La vidéo en question continuait de tourner et les téléspectateurs pouvaient voir l’Anarchiste dans toute sa splendeur et qui finit sa tirade d’une voix ample, joyeuse et théâtrale :

« …tout le monde sait ce que j’ai fais, et ce qu’il faut faire. »

Puis une détonation monstre se produisit, des flammes léchèrent l’écran puis plus rien. L’écran de la télévision se transforma en un brouillard zozoté puis ce fut le noir total. Lorsque la lumière illumina le petit salon de la maison de Tula, on put découvrir Victor, Garfield, Tula, Raven et Connor assis sur le canapé, les yeux encore rivés sur l’écran, sensiblement marqués par les images qu’ils venaient de voir à l’instant. Quelques secondes passèrent avant que Garfield ne se tourne vers Dick.

-Comment est-ce que tu as eu cette vidéo ?
-L’Anarchiste l’a dit lui même, cette vidéo a été diffusé sur le net et reproduit un peu partout. C’est Batman qui me l’a fais découvrir, en fait.
-Batman !
-Oui. A Chicago je l’ai rencontré. Lorsque j’ai appris tout ça, que des types avaient fais assassiner une multitude de justiciers, je me suis interrogé, j’ai voulu… j’ai voulu tout abandonner en fait. J’avais peur, je me sentais si touché par tout… tout ces morts.
-Qui ont été tué en fait ? Interrogea Tula d’une voix étranglée, qui ne lui ressemblait pas.
-Hawkman, le type de Los Angeles. Il y a eu aussi le Punisher de New York. Des policiers avec des pouvoirs qui travaillaient pour le gouvernement et qui tentaient d’arrêter les criminels. D’autres êtres spéciaux dont les noms m’échappent aussi.

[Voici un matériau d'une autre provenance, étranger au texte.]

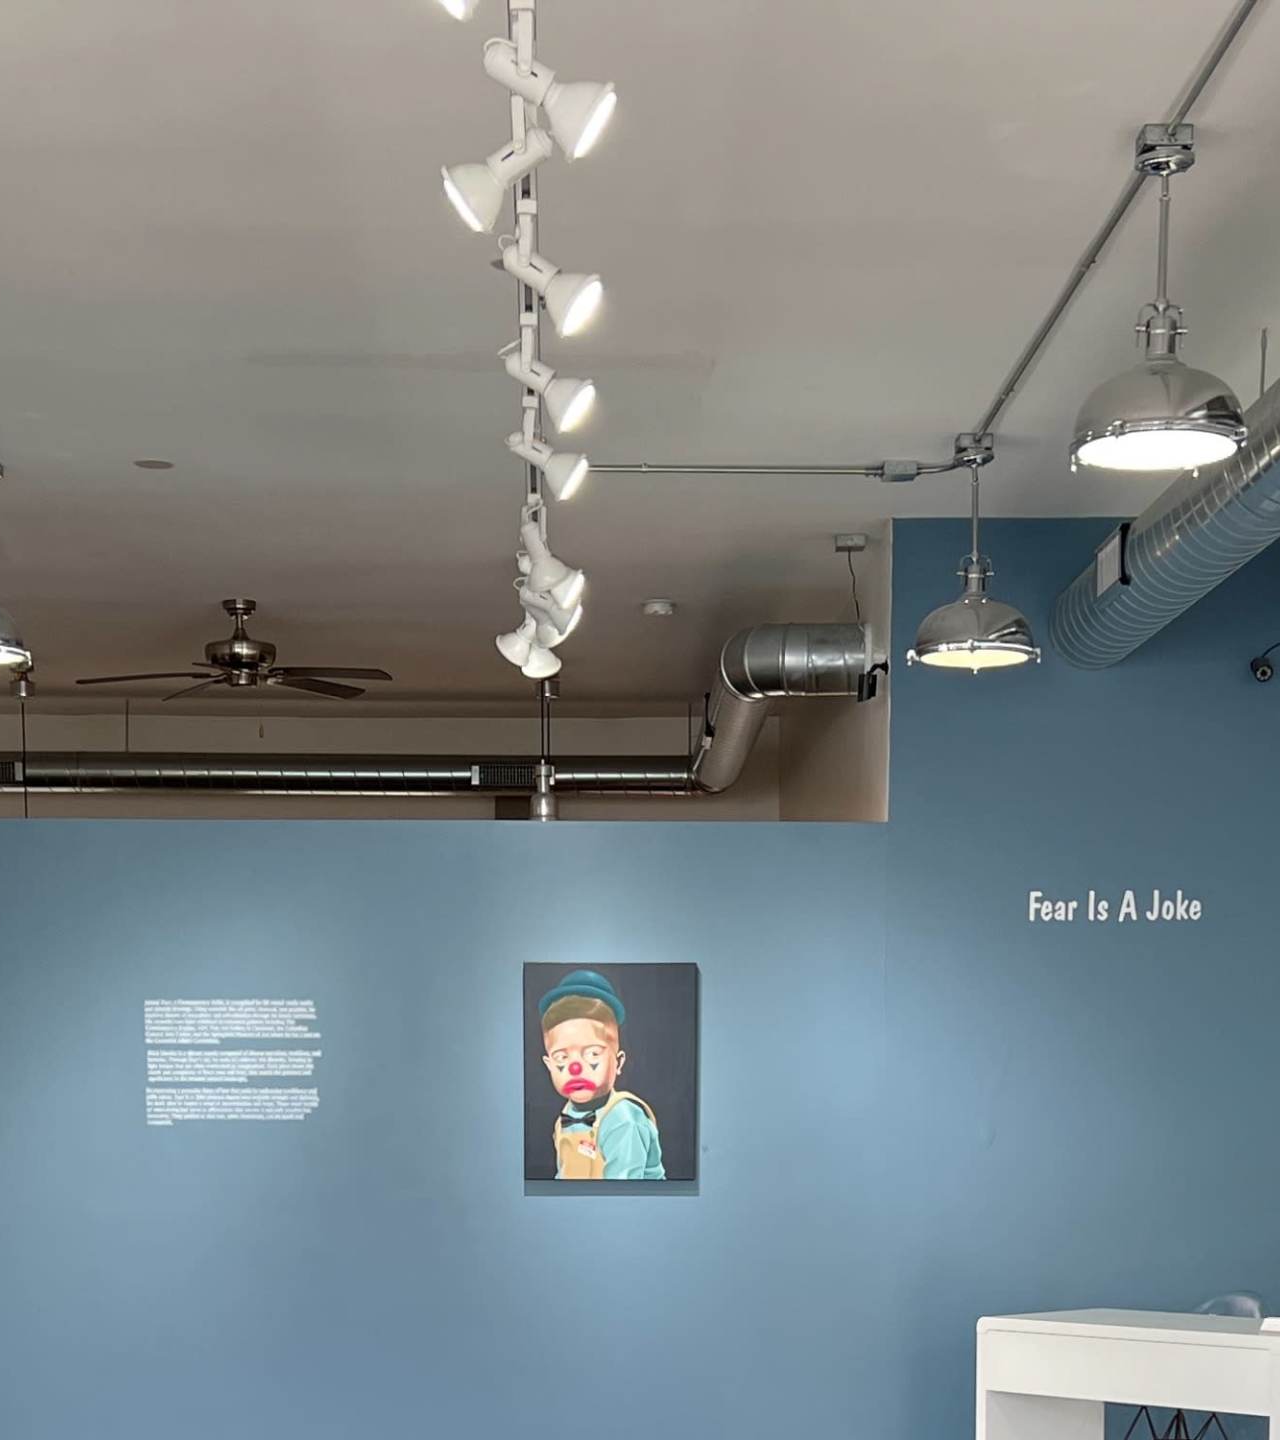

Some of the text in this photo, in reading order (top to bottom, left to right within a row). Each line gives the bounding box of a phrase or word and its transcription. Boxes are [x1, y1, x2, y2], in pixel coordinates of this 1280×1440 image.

Et puis il y a eu les Sept. Vous les connaissiez pas mais leur rôle était de défendre la Terre contre les… les démons. S’ils étaient encore en vie, alors peut être que… que Tara ne serrait pas… morte.

Dick déglutit. Garfield et Tula s’étaient levés, Raven observait l’écran de la télé, le regard vague, Connor et Victor restaient eux aussi interdit.

-Et il y a eu aussi Spider-man et bien sûr… l’Anarchiste.
-Qui sont les ordures qui ont fais ça ? Demanda Garfield.
-Ils se sont surnommés les Architectes, comme me l’a dit Batman. En fait, ils ont envoyé une bande de mercenaires faire le sale boulot et liquider tout ces gens. Ils étaient dirigés par un certain Norman Osborn, un caïd de New York.
-Je connaissais l’Anarchiste, murmura Connor, sortant de sa méditation. Bon sang, ces enfoirés doivent payés !

Se levant d’un bond, Connor surprit tout le monde. Lui d’ordinaire si détaché, arborait maintenant un air énervé.

-Je sais qu’ils doivent payés. Et ils paieront. Je pense d’ailleurs que la guerre des gangs était leur fruit. J’ai enquêtais en solo pendant quelques temps, d’où mon absence et j’ai découvert des choses… intéressantes.
-Comme quoi ? Demanda d’une voix rauque Victor.

Dick soupira et lâcha :

-L’existence d’un traître dans notre équipe.